Large-scale screenings of cancer cell lines with detailed molecular profiles against libraries of pharmacological compounds are currently being performed in order to gain a better understanding of the genetic component of drug response and to enhance our ability to recommend therapies given a patient's molecular profile. These comprehensive screens differ from the clinical setting in which (i) medical records only contain the response of a patient to very few drugs, (ii) drugs are recommended by doctors based on their expert judgment and (iii) selecting the most promising therapy is often more important than accurately predicting the sensitivity to all potential drugs. Current regression models for drug sensitivity prediction fail to account for these three properties.

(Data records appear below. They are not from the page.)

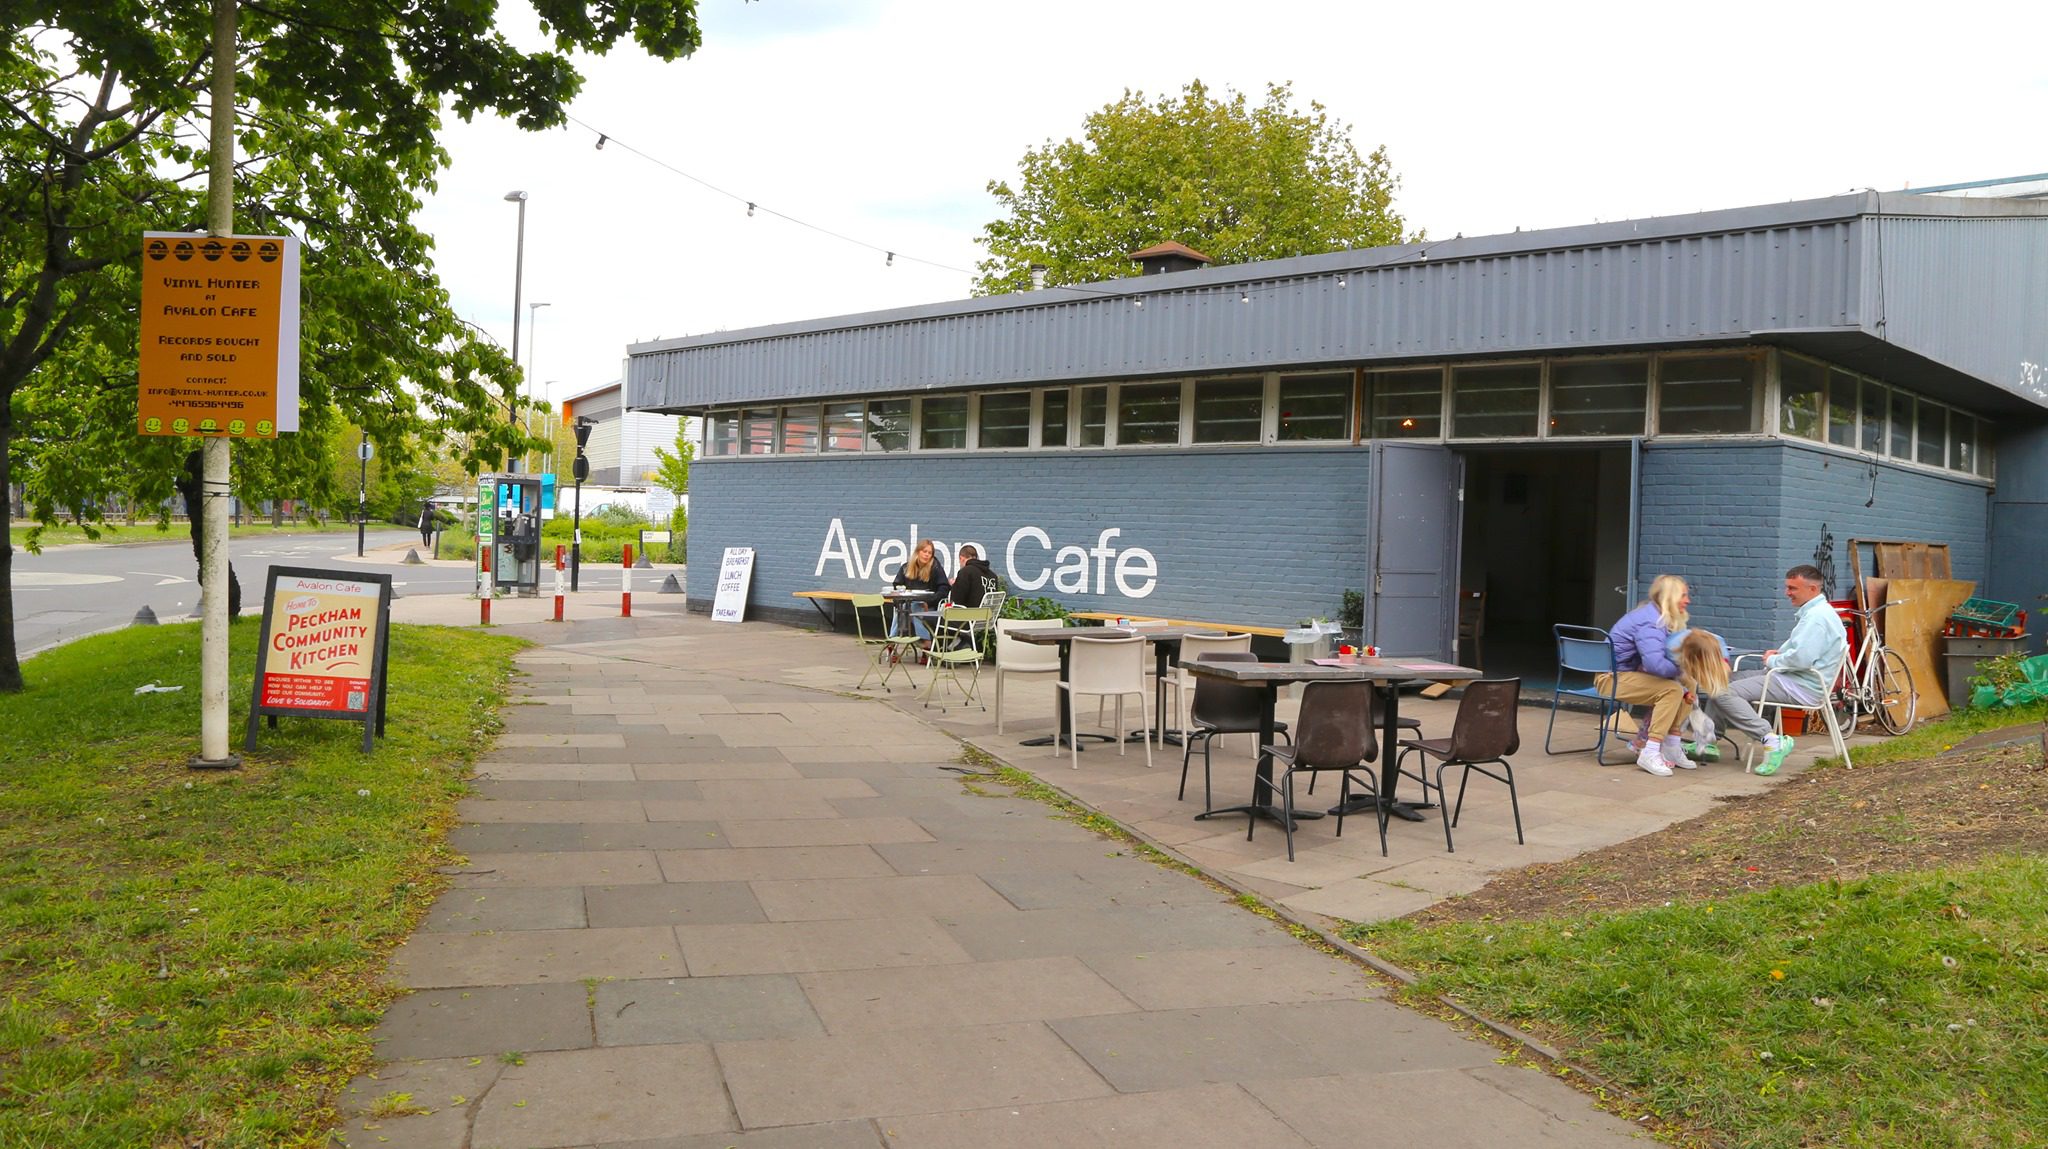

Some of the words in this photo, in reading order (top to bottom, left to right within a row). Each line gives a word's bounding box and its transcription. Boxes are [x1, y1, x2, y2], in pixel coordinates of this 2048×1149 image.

[163, 278, 203, 288] VINYL
[208, 278, 260, 289] HUNTER
[164, 305, 216, 316] AVALON
[221, 306, 257, 317] CAFE
[158, 336, 212, 346] RECORDS
[216, 337, 260, 347] BOUGHT
[180, 353, 203, 361] AND
[207, 353, 236, 362] SOLD
[1006, 526, 1157, 598] Cafe
[724, 570, 742, 580] LUNCH
[296, 580, 332, 591] Avalon
[335, 582, 361, 593] Cafe
[721, 582, 740, 592] COFFEE
[288, 608, 361, 632] PECKHAM
[273, 626, 368, 651] COMMUNITY
[290, 644, 358, 670] KITCHEN

We present a machine learning approach, named Kernelized Rank Learning (KRL), that ranks drugs based on their predicted effect per cell line (patient), circumventing the difficult problem of precisely predicting the sensitivity to the given drug. Our approach outperforms several state-of-the-art predictors in drug recommendation, particularly if the training dataset is sparse, and generalizes to patient data. Our work phrases personalized drug recommendation as a new type of machine learning problem with translational potential to the clinic.

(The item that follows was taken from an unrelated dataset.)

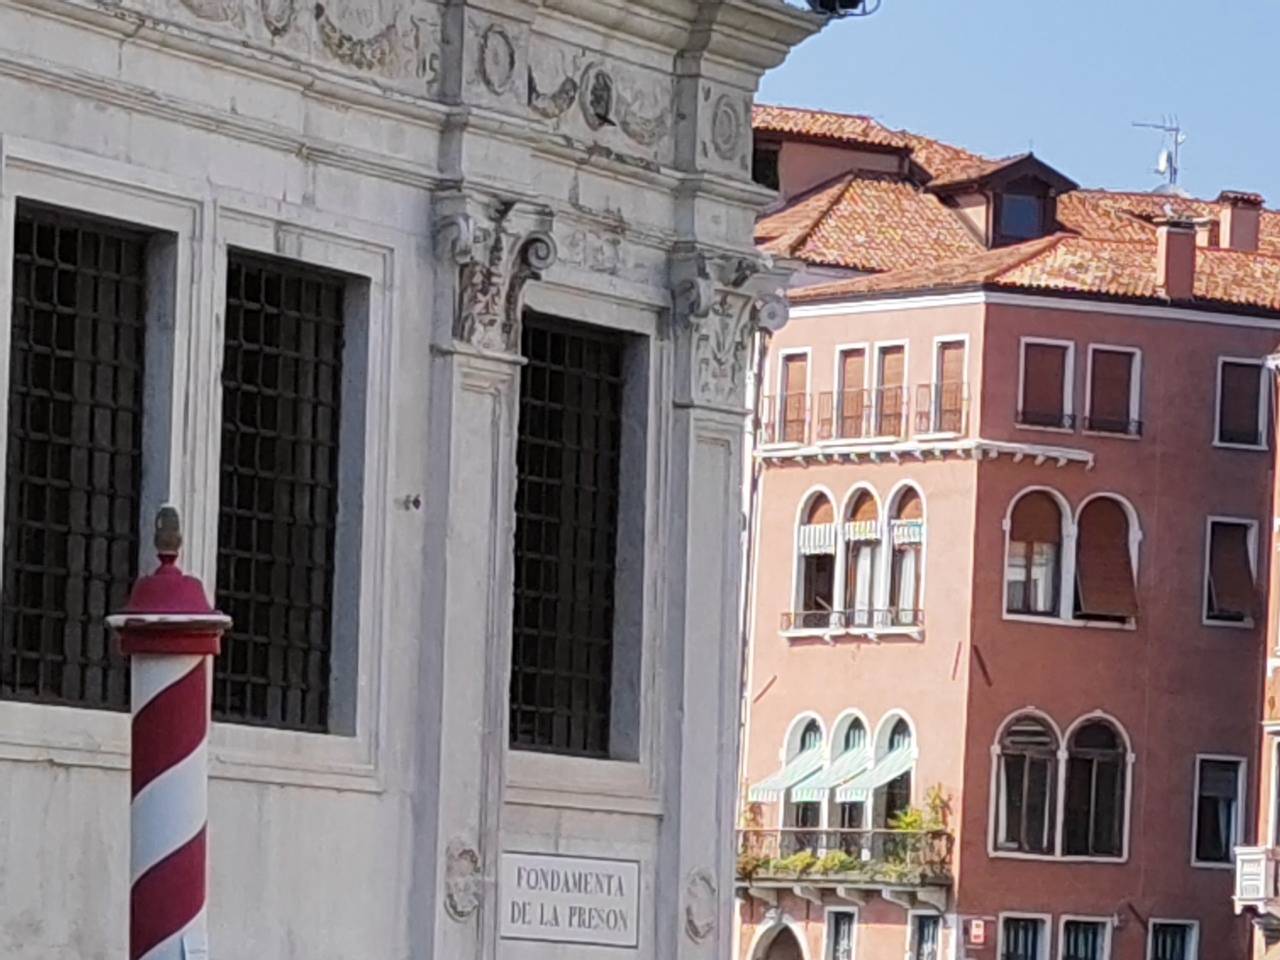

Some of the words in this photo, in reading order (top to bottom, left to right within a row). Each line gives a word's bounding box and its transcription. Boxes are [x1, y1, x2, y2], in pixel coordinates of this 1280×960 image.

[517, 866, 624, 897] FONDAMENTA
[511, 901, 531, 925] DE
[540, 903, 560, 927] LA
[568, 906, 628, 931] PRESON

The Python implementation of KRL and scripts for running our experiments are available at https://github.com/BorgwardtLab/Kernelized-Rank-Learning.
Supplementary data are available at Bioinformatics online.
为了更好地了解药物反应的遗传成分,并提高根据患者分子谱推荐疗法的能力,目前正在对具有详细分子谱的癌细胞系进行大规模筛选,并与药理学化合物文库进行比较。这些全面的筛选与临床环境不同,(i)病历仅包含患者对极少数药物的反应,(ii)药物是根据医生的专业判断推荐的,(iii)选择最有前途的治疗方法通常比准确预测对所有潜在药物的敏感性更为重要。目前用于药物敏感性预测的回归模型未能考虑到这三个特性。
我们提出了一种名为核化秩学习(KRL)的机器学习方法,该方法根据药物对每个细胞系(患者)的预测效果对药物进行排序,从而避免了精确预测对给定药物的敏感性这一难题。与几种最先进的预测器相比,我们的方法在药物推荐方面表现出色,特别是在训练数据集稀疏且可推广到患者数据的情况下。我们的工作将个性化药物推荐表述为一种具有转化潜力的新型机器学习问题,可以应用于临床。
KRL 的 Python 实现和运行我们实验的脚本可在 https://github.com/BorgwardtLab/Kernelized-Rank-Learning 上获得。
补充数据可在生物信息学在线获得。